I sent an email to Super Carbide Tools asking if it's safe to stack the 3/8" + 1/4" + 1/4" + bearing to end up with a 7/8" kerf rabbet bit. If it's safe to do that, then that 11pc set would really be versatile.

Thanks,
Skyglider


----------



## bobj3 (Jan 17, 2006)

HI Skyglider

I'm not sure if it's safe but I do it 

I put in a thin washer and stack them up .

I also have over size bearings that I use on the set,,,so I can set it to cut 1/8" to 1/2" deep ..the norm is 1/2" deep..........
I also use the set to cut very true splines 


======


Skyglider said:


> Hi Bob,
> 
> Thanks for your reply. I saw that 11pc T&G set before but bypassed it to save money. But your response got me thinking about using that set as a stackable rabbet cutter also which would really make it worth the additional cost.
> 
> ...


----------



## Skyglider (Nov 2, 2008)

bobj3 said:


> HI Skyglider
> 
> I'm not sure if it's safe but I do it
> 
> ...


 That's good to know that it is at least possible to stack cutters. I figure using a lower speed, it should be safe.
Off hand, do you know if the ID of the bearings is 5/16"? Any recommendations for where to buy additional bearings?

Thanks,
Skyglider


----------



## rwyoung (Aug 3, 2008)

McMaster-Carr and Grainger would be two places I'd go look for bearings. You can also by replacement bearings from companies like MLCS and EagleAmerica (Pricecutter).


----------



## Skyglider (Nov 2, 2008)

rwyoung said:


> McMaster-Carr and Grainger would be two places I'd go look for bearings. You can also by replacement bearings from companies like MLCS and EagleAmerica (Pricecutter).
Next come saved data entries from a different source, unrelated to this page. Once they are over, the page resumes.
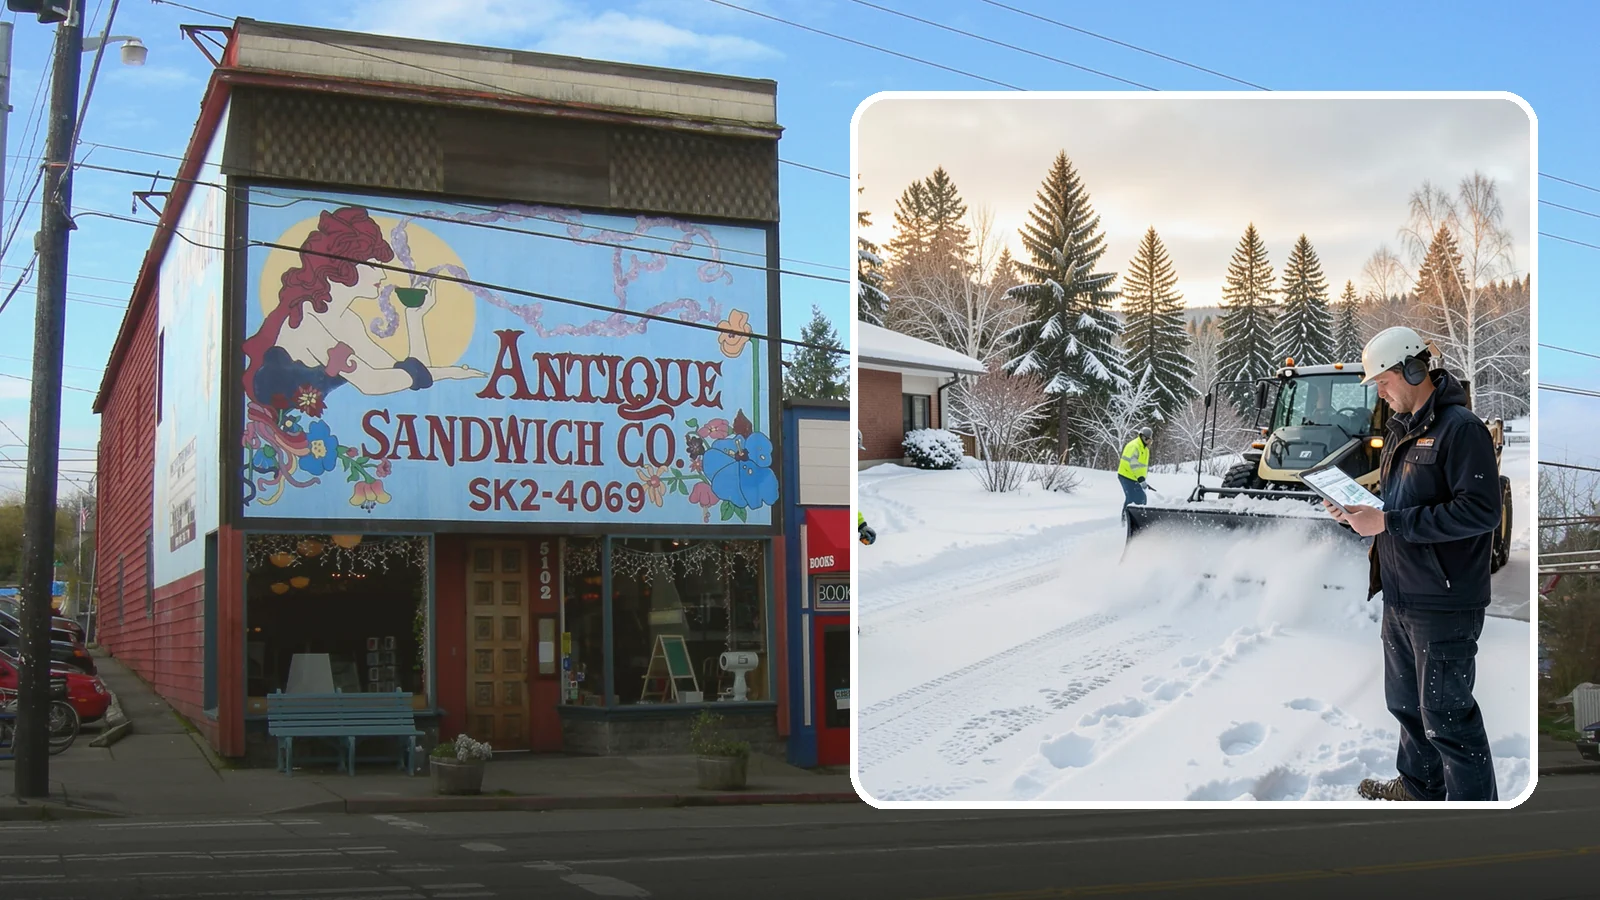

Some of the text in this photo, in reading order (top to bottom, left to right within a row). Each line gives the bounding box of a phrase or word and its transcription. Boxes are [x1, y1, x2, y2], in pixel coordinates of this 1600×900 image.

[476, 329, 723, 421] ANTIQUE
[361, 408, 685, 469] SANDWICH CO.
[468, 477, 645, 514] SK2-4069
[540, 541, 551, 600] 5102
[810, 555, 835, 568] BOOKS
Thanks much for that info.
Skyglider


----------



## Skyglider (Nov 2, 2008)

Skyglider said:


> I sent an email to Super Carbide Tools asking if it's safe to stack the 3/8" + 1/4" + 1/4" + bearing to end up with a 7/8" kerf rabbet bit. If it's safe to do that, then that 11pc set would really be versatile.
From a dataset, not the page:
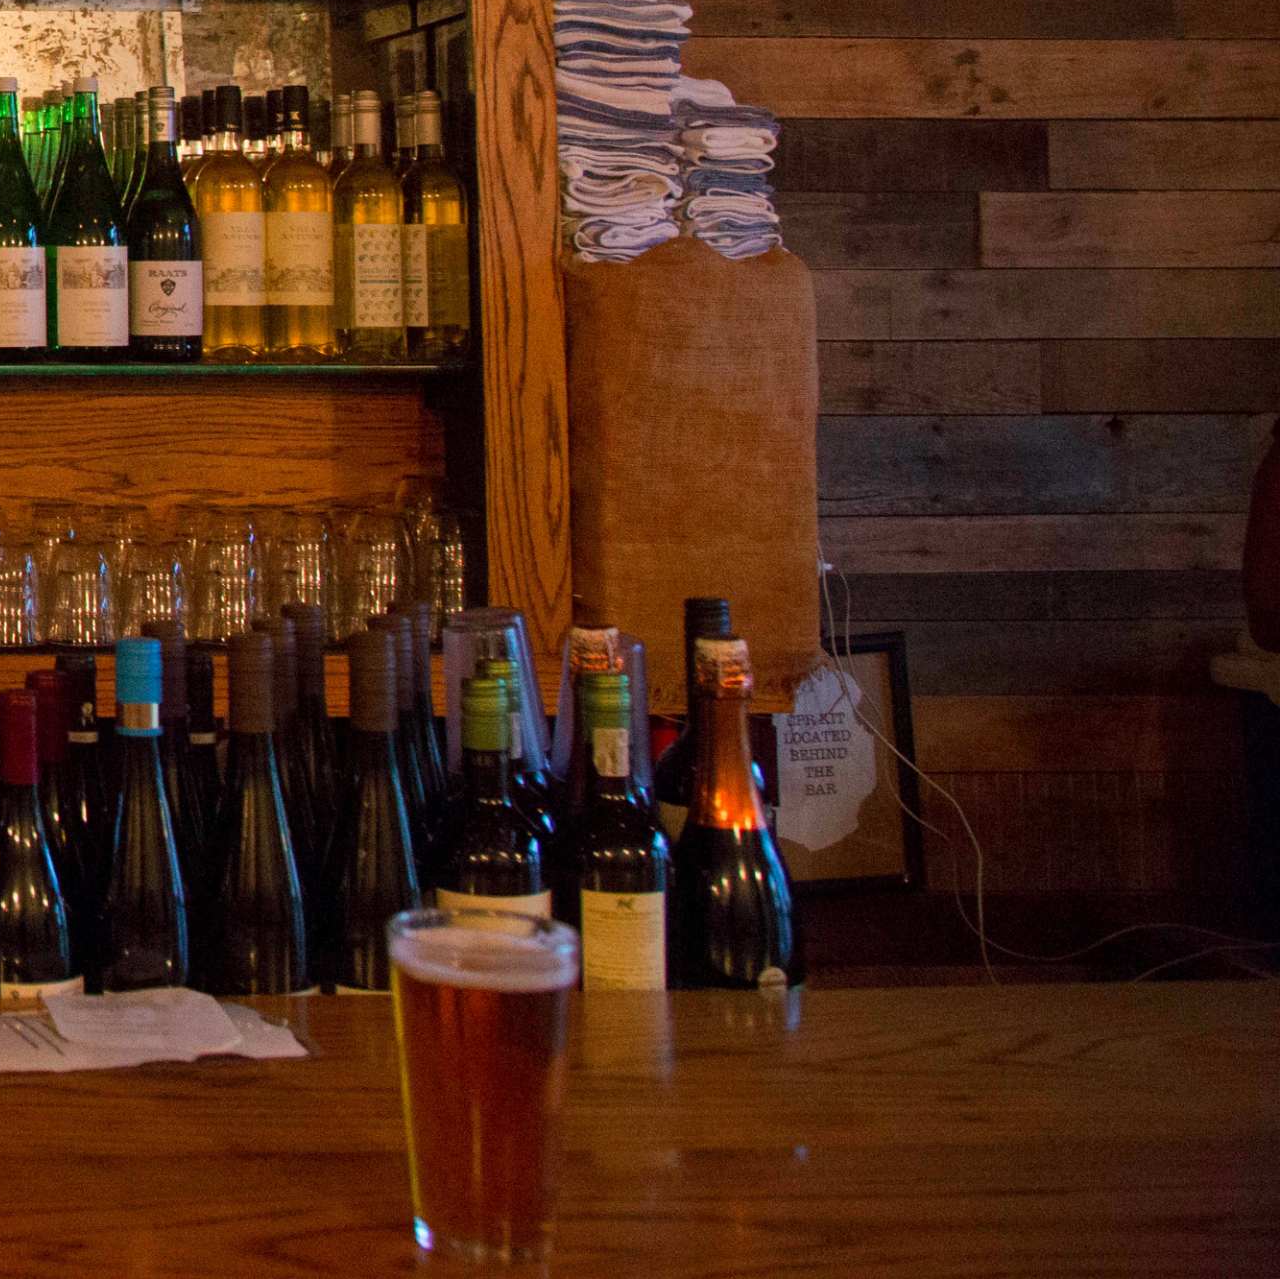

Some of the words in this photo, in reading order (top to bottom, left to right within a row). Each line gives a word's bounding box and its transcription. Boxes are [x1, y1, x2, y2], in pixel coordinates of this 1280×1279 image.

 In case it helps anyone, I received a reply from Super Carbide Tools. He said "You can stack several cutters to cut."

Skyglider


----------



## bobj3 (Jan 17, 2006)

Hi Skyglider

They are 5/16" ID ( 8mm) many of the bearing are that ID... 

I got most of them from MLCS and some from Sommerfeld tools
The ones from sommerfeld tools can be used on the big panel bits as well, that makes the bit safer to use plus the bearings are not as thick as the norm ones...
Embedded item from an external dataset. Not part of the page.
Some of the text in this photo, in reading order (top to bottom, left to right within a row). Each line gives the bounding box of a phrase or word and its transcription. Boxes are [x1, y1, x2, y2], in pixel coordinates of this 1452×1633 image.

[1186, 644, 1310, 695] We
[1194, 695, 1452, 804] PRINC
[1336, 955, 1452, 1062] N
http://www.mlcswoodworking.com
see " D "
http://www.mlcswoodworking.com/shopsite_sc/store/html/smarthtml/pages/katana_bits7.htm

http://www.sommerfeldtools.com/prodinfo.asp?number=HC318DZZ
http://www.sommerfeldtools.com/prodinfo.asp?number=HC254DZZ
http://www.sommerfeldtools.com/prodinfo.asp?number=HC293DZZ
========

You may also want to take a look at the bit below, it's a quick way to make box joints

http://cgi.ebay.com/1-PC-1-2-SH-5-S...50386QQcmdZViewItemQQ_trksidZp1742.m153.l1262


============

===========



Skyglider said:


> That's good to know that it is at least possible to stack cutters. I figure using a lower speed, it should be safe.
> Off hand, do you know if the ID of the bearings is 5/16"? Any recommendations for where to buy additional bearings?
> 
> Thanks,
> Skyglider


----------



## Skyglider (Nov 2, 2008)

bobj3 said:


> Hi Skyglider
> 
> They are 5/16" ID ( 8mm) many of the bearing are that ID...
> I got most of them from MLCS and some from Sommerfeld tools
> ...


Bob J.

Thanks for all of that good info! You are a real asset to this forum. And thanks for taking the time to post the photos. All very, very helpful.

Skyglider


----------



## bobj3 (Jan 17, 2006)

Thanks, and You're Welcome

Routers are fun tools  

======


Skyglider said:


> Bob J.
> 
> Thanks for all of that good info! You are a real asset to this forum. And thanks for taking the time to post the photos. All very, very helpful.
> 
> Skyglider


----------